▶ **AVAILABLE DATA**:
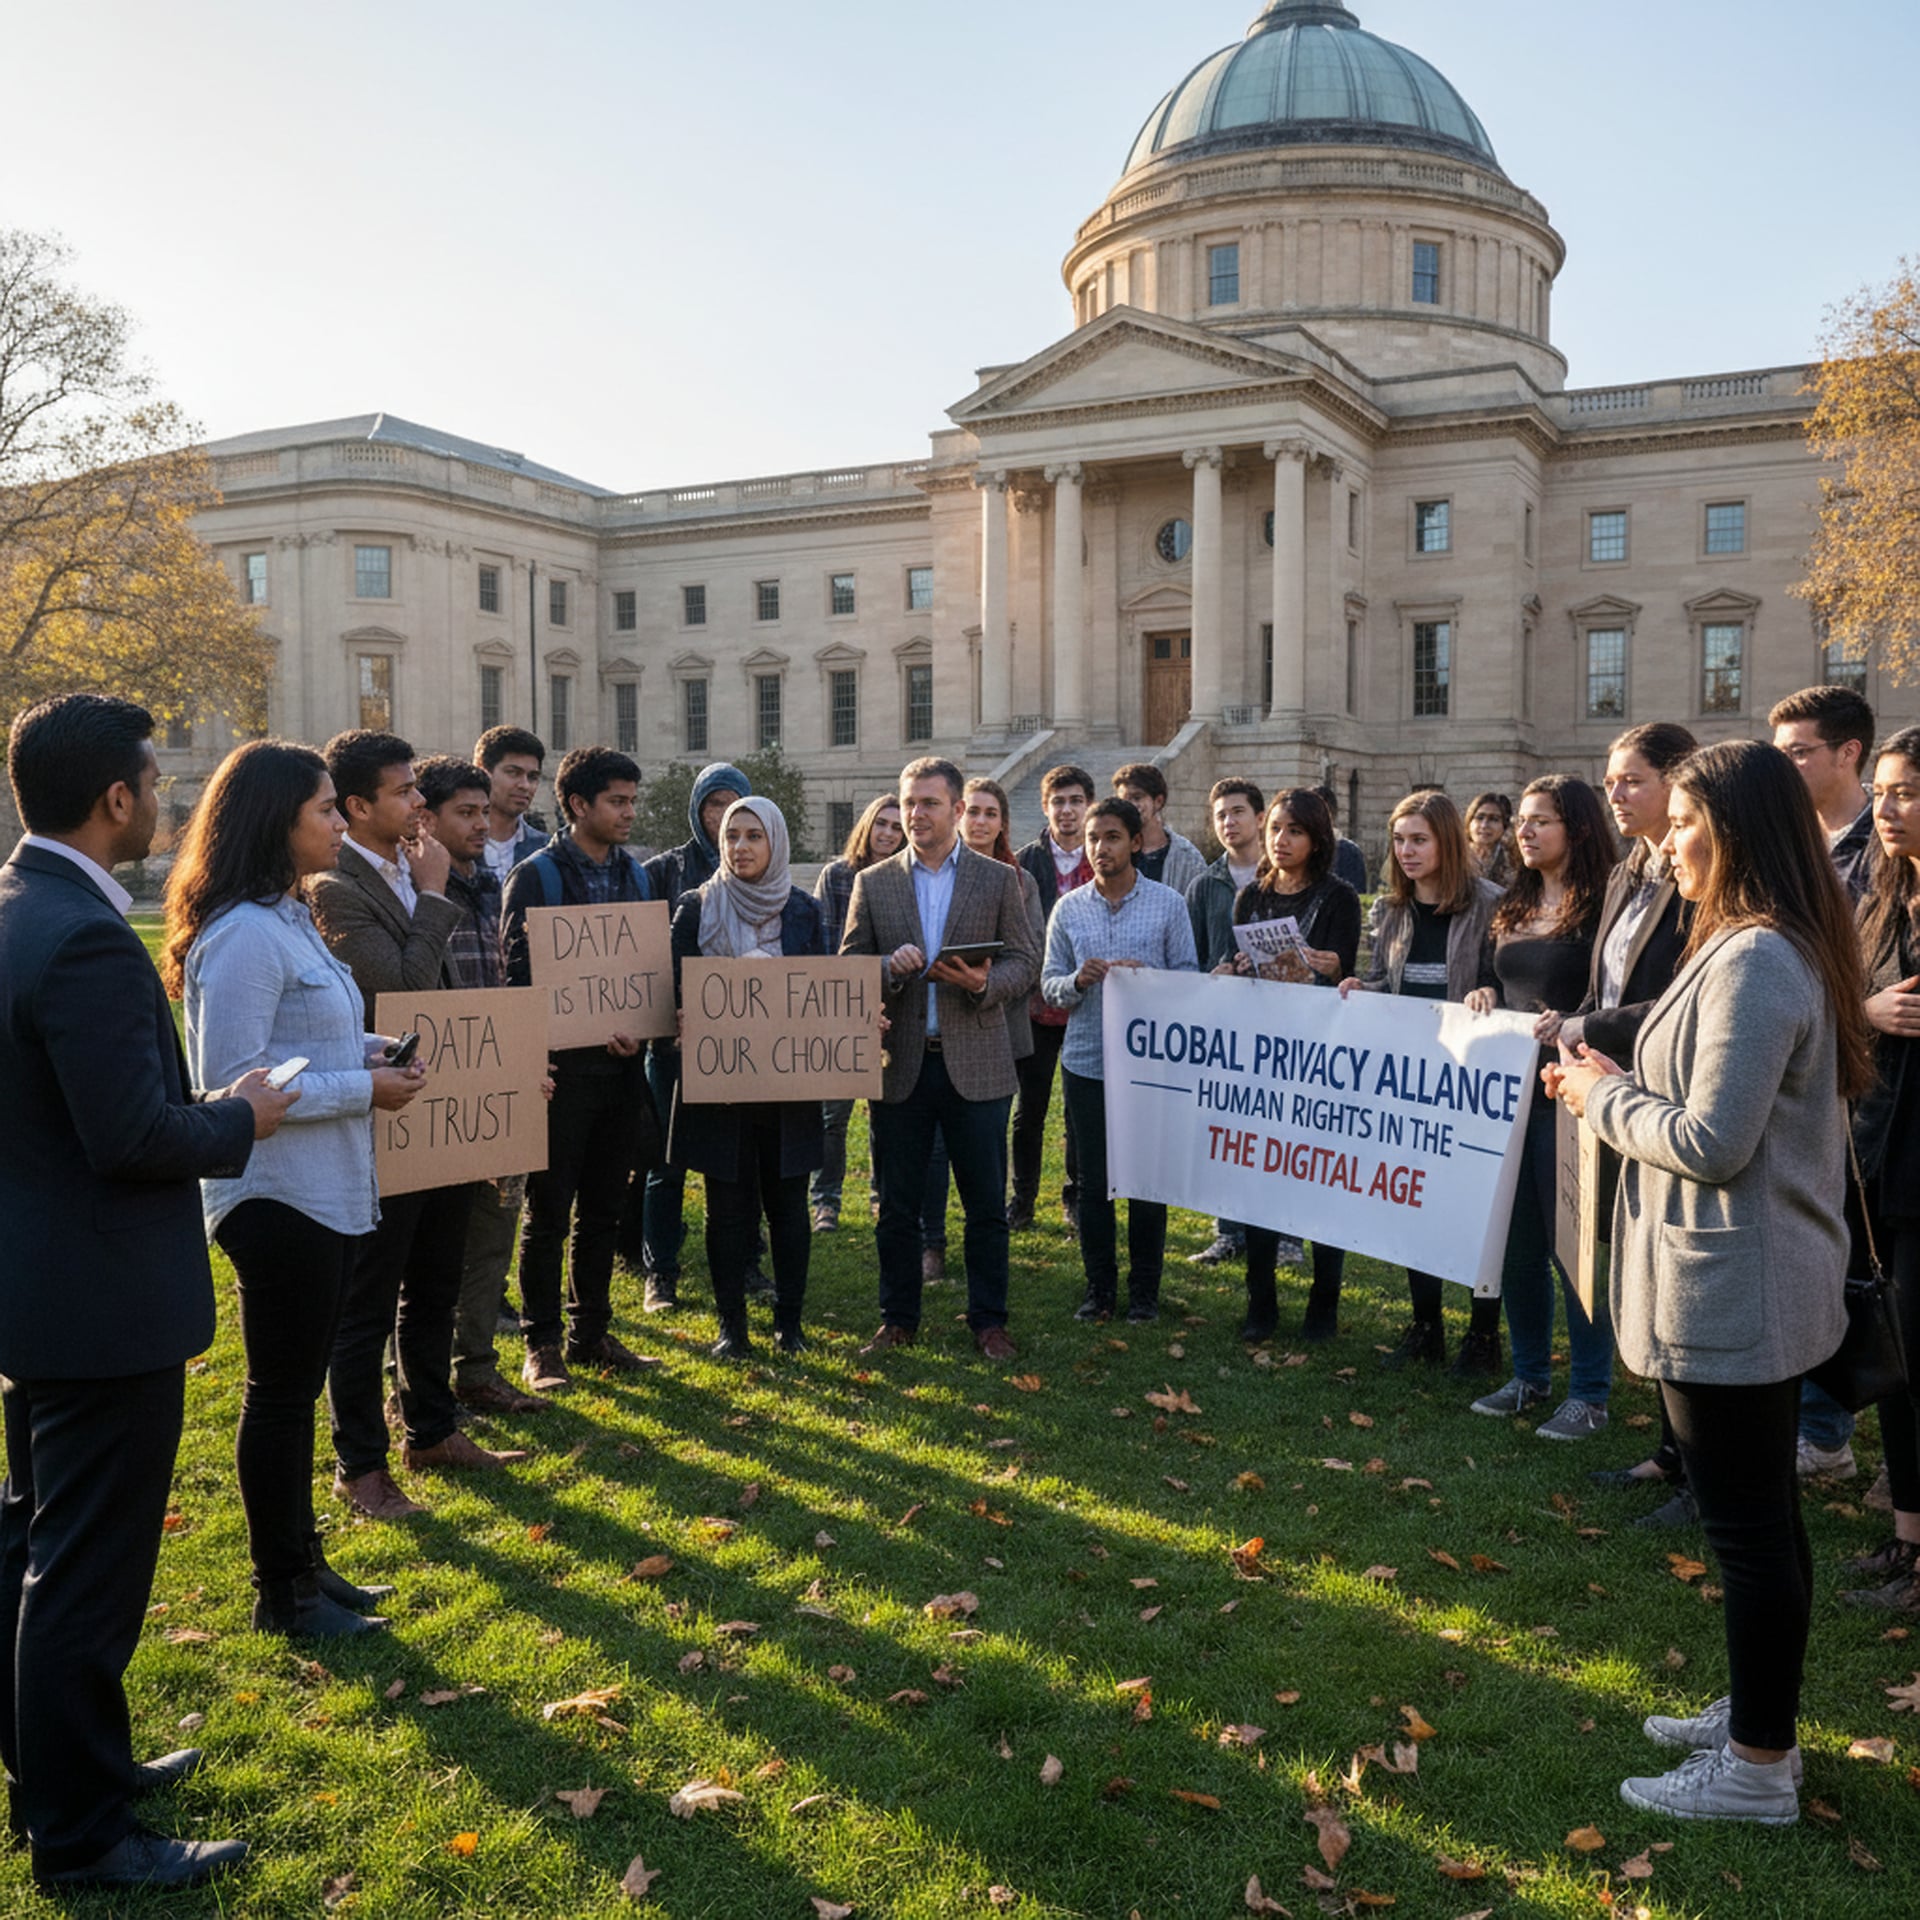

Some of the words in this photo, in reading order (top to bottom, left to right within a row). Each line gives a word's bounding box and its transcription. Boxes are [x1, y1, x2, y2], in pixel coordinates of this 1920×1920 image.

[553, 914, 638, 960] DATA
[553, 985, 574, 1016] IS
[579, 970, 659, 1014] TRUST
[701, 971, 770, 1020] OUR
[786, 971, 873, 1024] FAITH,
[696, 1035, 758, 1077] OUR
[771, 1034, 870, 1075] CHOICE
[1126, 1018, 1244, 1072] GLOBAL
[1253, 1033, 1370, 1092] PRIVACY
[1375, 1053, 1521, 1122] ALLANCE
[387, 1115, 410, 1151] IS
[422, 1090, 519, 1148] TRUST
[1197, 1078, 1284, 1122] HUMAN
[1290, 1093, 1373, 1140] RIGHTS
[1378, 1111, 1403, 1146] IN
[1409, 1116, 1454, 1158] THE
[1208, 1126, 1257, 1168] THE
[1263, 1137, 1362, 1193] DIGITAL
[1369, 1162, 1426, 1208] AGE
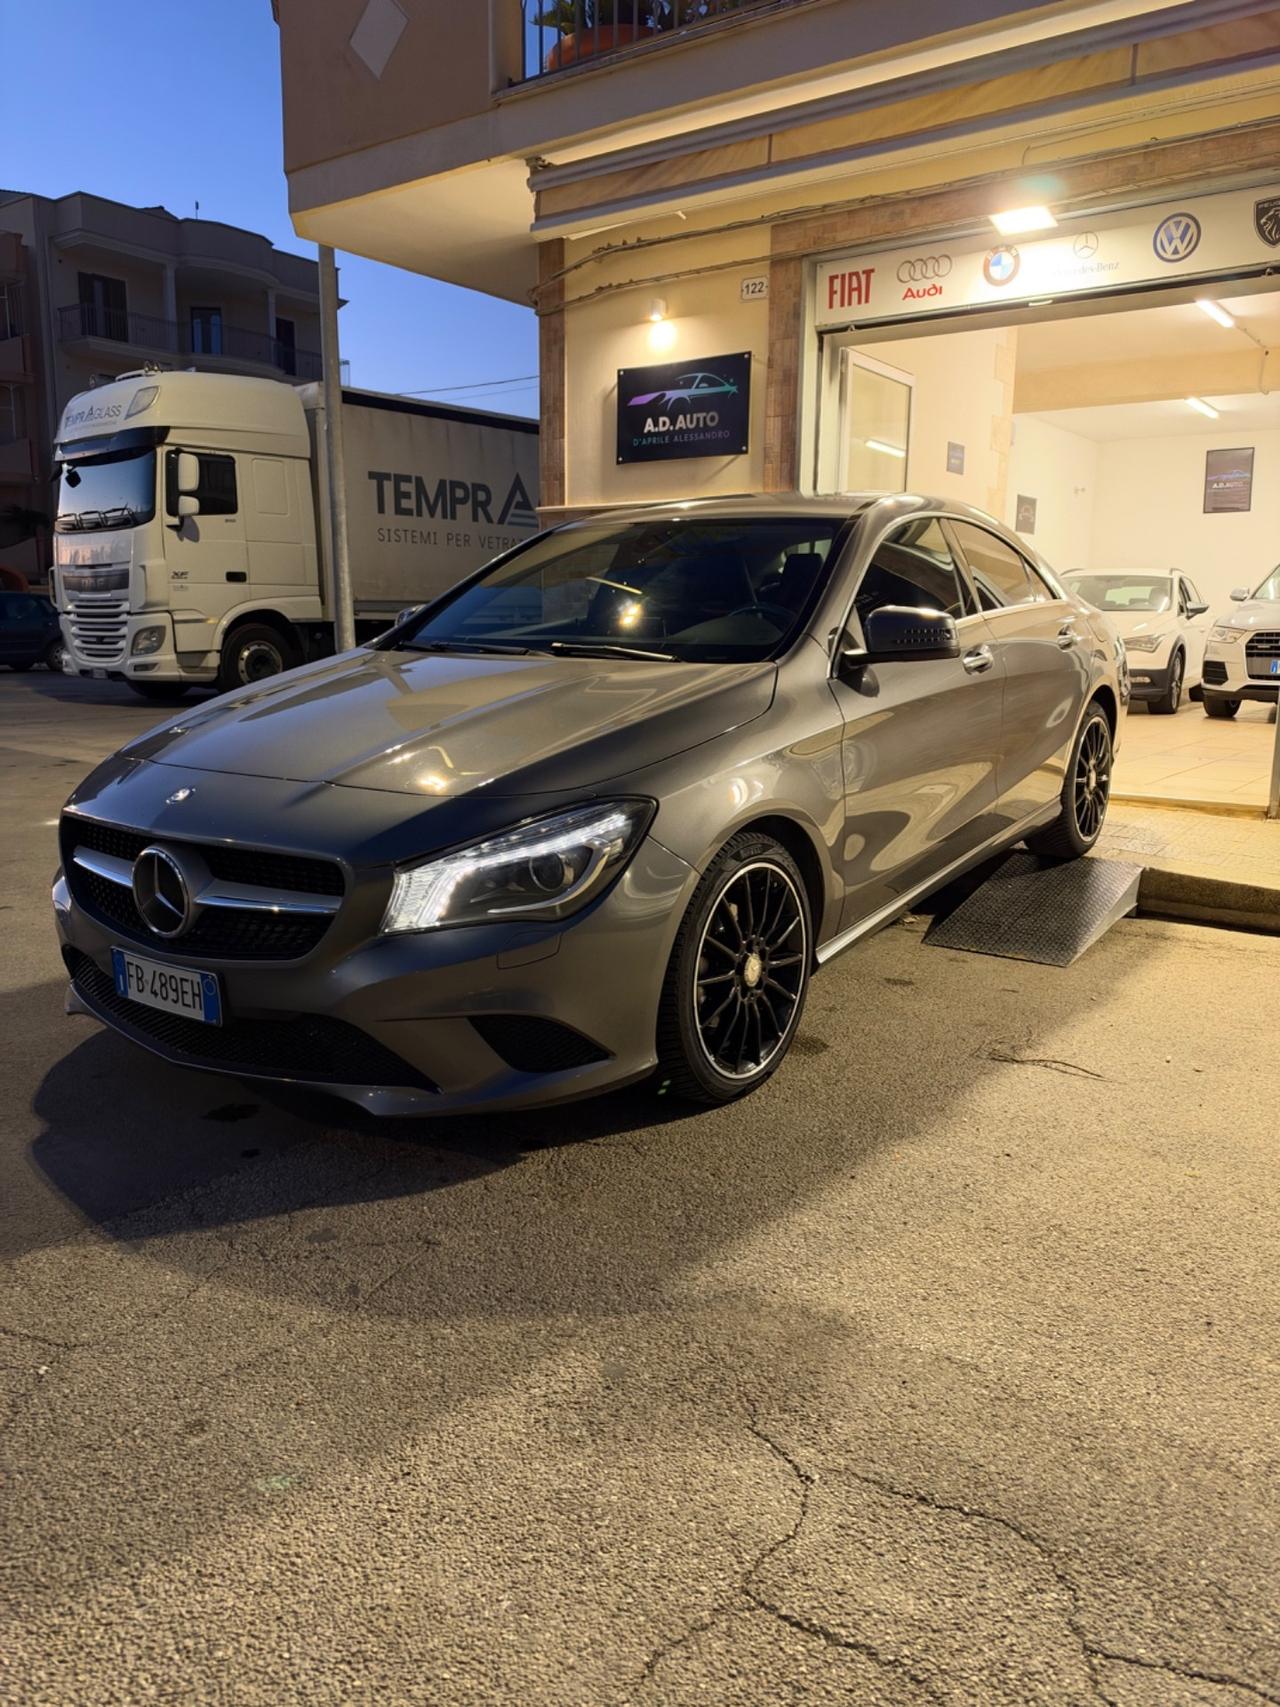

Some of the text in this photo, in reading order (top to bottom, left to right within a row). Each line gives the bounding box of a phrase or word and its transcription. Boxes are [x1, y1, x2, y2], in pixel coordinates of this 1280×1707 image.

[744, 281, 765, 294] 122
[828, 268, 875, 309] FIAT
[902, 284, 943, 300] Audi
[633, 430, 730, 447] D'APRILE ALESSANDRO
[368, 471, 539, 528] TEMPRA
[377, 527, 526, 551] SISTEMI PER VETRA
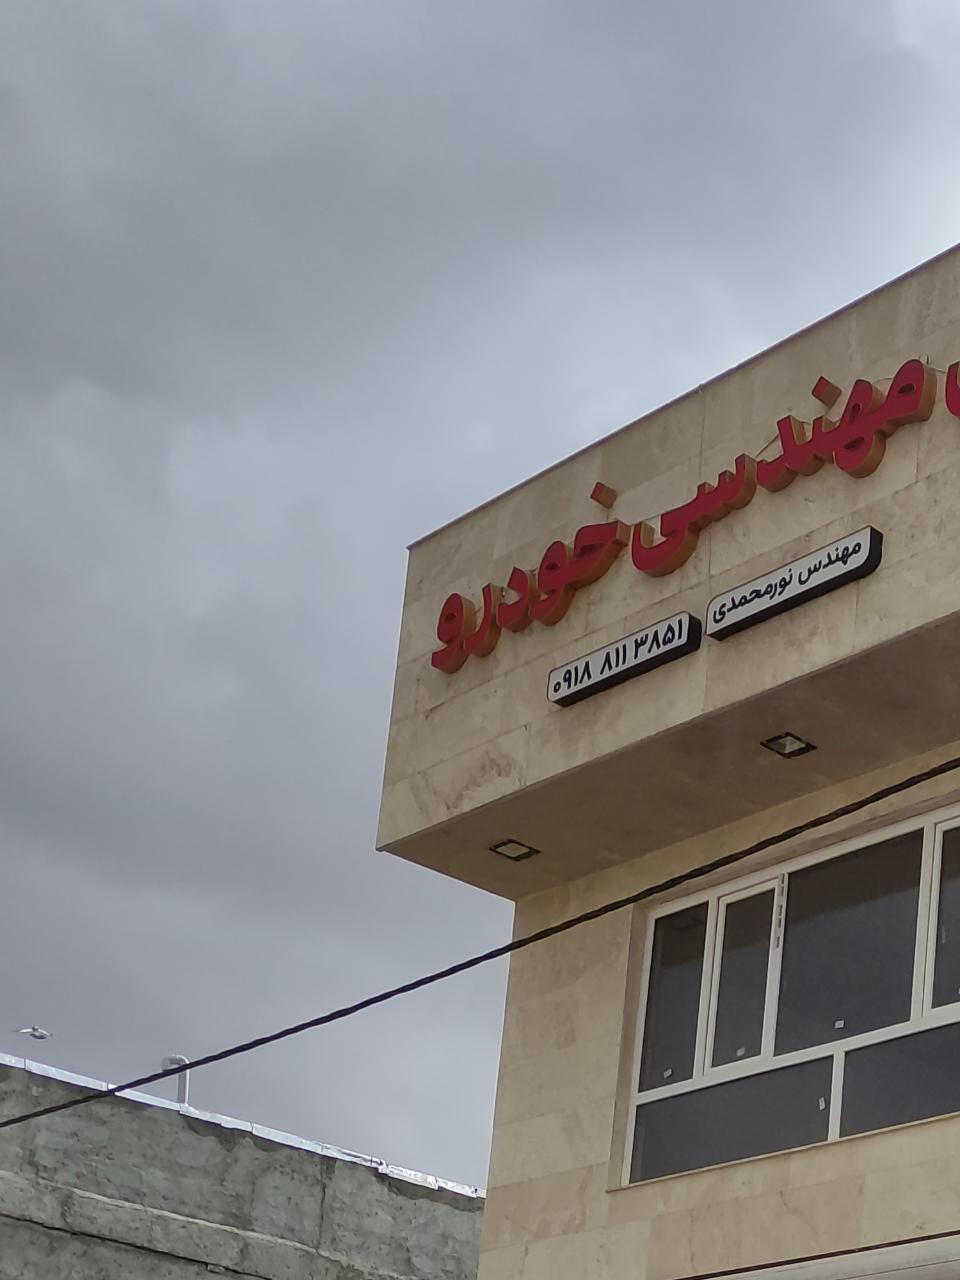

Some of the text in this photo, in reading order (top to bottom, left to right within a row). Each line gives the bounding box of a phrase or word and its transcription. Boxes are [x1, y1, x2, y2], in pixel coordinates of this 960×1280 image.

[632, 359, 937, 577] مهندسی
[431, 481, 633, 674] خودرو
[712, 540, 863, 624] مهندس نورمحمدی
[553, 617, 684, 695] ۰۹۱۸ ۸۱۱ ۳۸۵۱
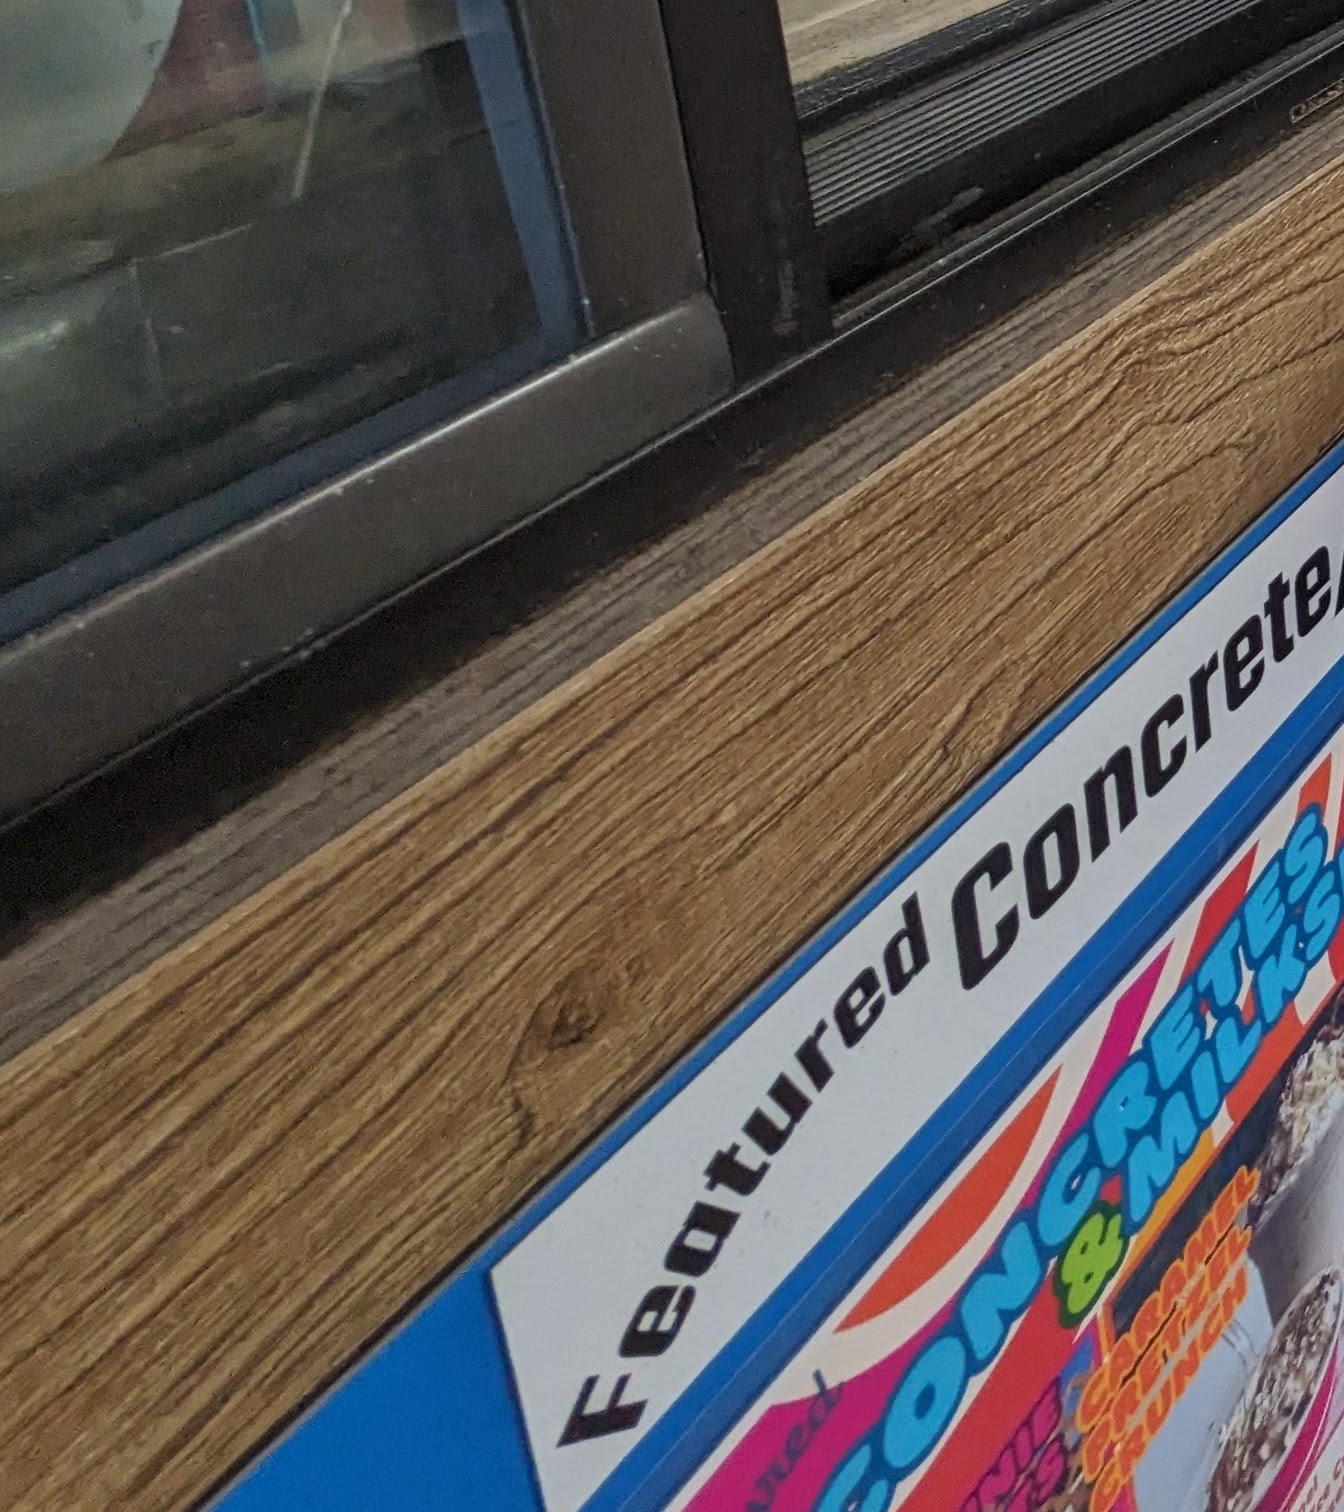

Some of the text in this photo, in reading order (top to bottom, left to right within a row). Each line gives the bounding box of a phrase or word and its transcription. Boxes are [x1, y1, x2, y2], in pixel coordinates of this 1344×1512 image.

[553, 903, 931, 1449] Featured
[812, 808, 1328, 1512] CONCRETES
[1061, 1212, 1125, 1315] &
[1075, 1165, 1260, 1434] CARAMEL
[1082, 1226, 1252, 1481] PRETZEL
[1088, 1268, 1248, 1512] CRUNCH

▶ **BRIEF**: Except for the pictures, return every line of the material exactly.

▶ **ANSWER**:
Some of the words in this photo, in reading order (top to bottom, left to right within a row). Each line gives a word's bounding box and its transcription. Boxes are [x1, y1, x2, y2], in pixel coordinates of this 1920×1920 image.

[553, 914, 638, 960] DATA
[553, 985, 574, 1016] IS
[579, 970, 659, 1014] TRUST
[701, 971, 770, 1020] OUR
[786, 971, 873, 1024] FAITH,
[696, 1035, 758, 1077] OUR
[771, 1034, 870, 1075] CHOICE
[1126, 1018, 1244, 1072] GLOBAL
[1253, 1033, 1370, 1092] PRIVACY
[1375, 1053, 1521, 1122] ALLANCE
[387, 1115, 410, 1151] IS
[422, 1090, 519, 1148] TRUST
[1197, 1078, 1284, 1122] HUMAN
[1290, 1093, 1373, 1140] RIGHTS
[1378, 1111, 1403, 1146] IN
[1409, 1116, 1454, 1158] THE
[1208, 1126, 1257, 1168] THE
[1263, 1137, 1362, 1193] DIGITAL
[1369, 1162, 1426, 1208] AGE

Some of the text in this photo, in reading order (top to bottom, left to right within a row). Each line gives the bounding box of a phrase or word and its transcription. Boxes are [x1, y1, x2, y2], in pixel coordinates of this 1280×1707 image.

[744, 281, 765, 294] 122
[828, 268, 875, 309] FIAT
[902, 284, 943, 300] Audi
[633, 430, 730, 447] D'APRILE ALESSANDRO
[368, 471, 539, 528] TEMPRA
[377, 527, 526, 551] SISTEMI PER VETRA

Some of the text in this photo, in reading order (top to bottom, left to right within a row). Each line gives the bounding box of a phrase or word and its transcription. Boxes are [x1, y1, x2, y2], in pixel coordinates of this 960×1280 image.

[632, 359, 937, 577] مهندسی
[431, 481, 633, 674] خودرو
[712, 540, 863, 624] مهندس نورمحمدی
[553, 617, 684, 695] ۰۹۱۸ ۸۱۱ ۳۸۵۱

Some of the text in this photo, in reading order (top to bottom, left to right within a row). Each line gives the bounding box of a phrase or word and its transcription. Boxes are [x1, y1, x2, y2], in pixel coordinates of this 1344×1512 image.

[553, 903, 931, 1449] Featured
[812, 808, 1328, 1512] CONCRETES
[1061, 1212, 1125, 1315] &
[1075, 1165, 1260, 1434] CARAMEL
[1082, 1226, 1252, 1481] PRETZEL
[1088, 1268, 1248, 1512] CRUNCH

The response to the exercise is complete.